Don't forget about the Russians!




IABeeMan said:


> I am ordering 4 packages of bees this week and the supplier offers both italian and carnolian bees. I was wondering what the pros and cons are of the two diff breeds. I live in western Iowa and can have rather cold winters and rather hot summers.


----------



## Joseph Clemens

IABeeMan said:


> I am ordering 4 packages of bees this week and the supplier offers both italian and carnolian bees. I was wondering what the pros and cons are of the two diff breeds. I live in western Iowa and can have rather cold winters and rather hot summers.


I think you mean Carniolan, presently there is no Carnolian race of honeybee.


----------



## bleta12

Joseph Clemens said:


> I think you mean Carniolan, presently there is no Carnolian race of honeybee.


Hi Joe,
Do you have actually any beekeeping ideas on the question raised by the starter of this thread or your contribution is limited on correcting any misspellings that has zero practical value.

P.S.
Please feel free to correct any misspelling I have done in this reply, I am sure that will make me a better beekeeper.

Gilman

To IAbeeman,
Get two each end see the difference yourself. Next year get two more carniolans.

Good luck


----------



## xC0000005

Up here I'm pleased with the carniolans. The only thing about it is that they seem to winter with the smallest number bees I've seen from any race. They dropped to this cluster size when the fall dearth started and stayed there. Fed them, they started up then went right back to their "lean" size when I stopped feeding. The ferals I collected are wintering with a small cluster but not as small as the carnis. Temperment wise I can't complain.

For your area I can't really give any advise on how well they winter.


----------



## Joel

We've used both extensivley in the our Fingerlakes regions climate. My all time favorite bees I were the shiny Yellow Corodovan Italians from Hawaiin Queen. They were beautiful, gentle bees that laid unbelievable amounts of brood, made good crops but did not winter well.

My experiance with 3 banded Italians found they did not winter nearly as well as Carniolans due to having such a large brood nest to overwinter requiring more stores. They were gentle and pleasant to work and very consistent producers because they did not shut down between our summer and fall flow. Carniolans winter smaller clusters and winter well but produce less honey than the Italians did. They also seem to produce more propolis (which is good if you sell) but tend to glue everything together.

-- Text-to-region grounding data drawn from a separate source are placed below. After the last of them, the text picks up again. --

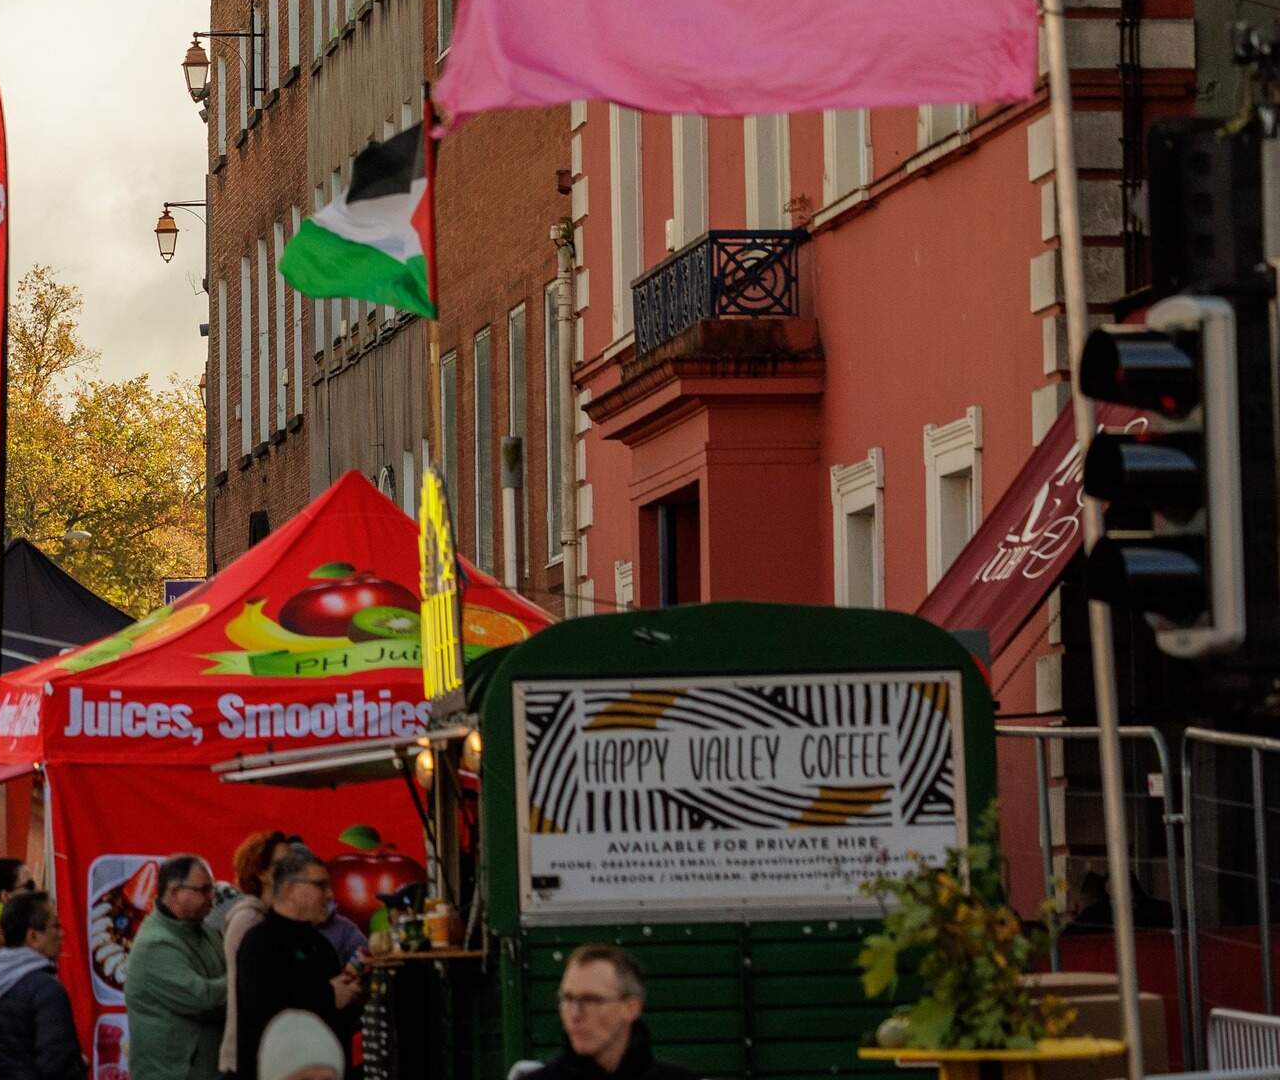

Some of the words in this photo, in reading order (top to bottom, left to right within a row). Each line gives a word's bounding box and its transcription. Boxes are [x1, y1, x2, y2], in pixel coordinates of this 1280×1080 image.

[296, 653, 348, 675] PH
[364, 644, 421, 664] Jui
[64, 686, 204, 745] Juices,
[218, 689, 432, 739] Smoothies
[584, 736, 669, 784] HAPPY
[690, 734, 780, 782] VALLEY
[800, 731, 891, 779] COFFEE
[607, 839, 706, 855] AVAILABLE
[714, 838, 747, 852] FOR
[756, 837, 829, 851] PRIVATE
[837, 836, 880, 849] HIRE

I would 2nd Gilmans' suggestion and get both races (and others next year) because in the end half the fun of this is learning through experimentation and you'll keep your genetics fresh.


----------



## Joseph Clemens

bleta12,
Presently I don't have the resources to invest in too many different honeybee races, I've already invested in Cordovan Italian queens, and I still have a few hives of mutts that I started from a cut-out of open air comb hanging beneath a neighbors manufactured home. Though the Cordovan Italians are doing fairly well, the wild mutts still have them beat, except the mutts are still a bit too "runny on the combs", and a little too easily excited. Due to our intense Summer heat, I try to keep lighter colored bees in order to possibly reduce the heat stress levels. I have also heard that Carniolans are a dark colored race, overwinter with small populations, are quick to build up once conditions are right. More information is also available at: Carniolans. Several decades ago, while I was still beekeeping in California I tried a few hives of "Midnite" hybrids, reportedly a hybrid between Caucasian and Carniolan races. They were a dark bee that used way too much propolis for my taste, though otherwise I had no major problems with them. My other hives, at that time, were "Starline" hybrids, and the differences in propolis use were quite obvious.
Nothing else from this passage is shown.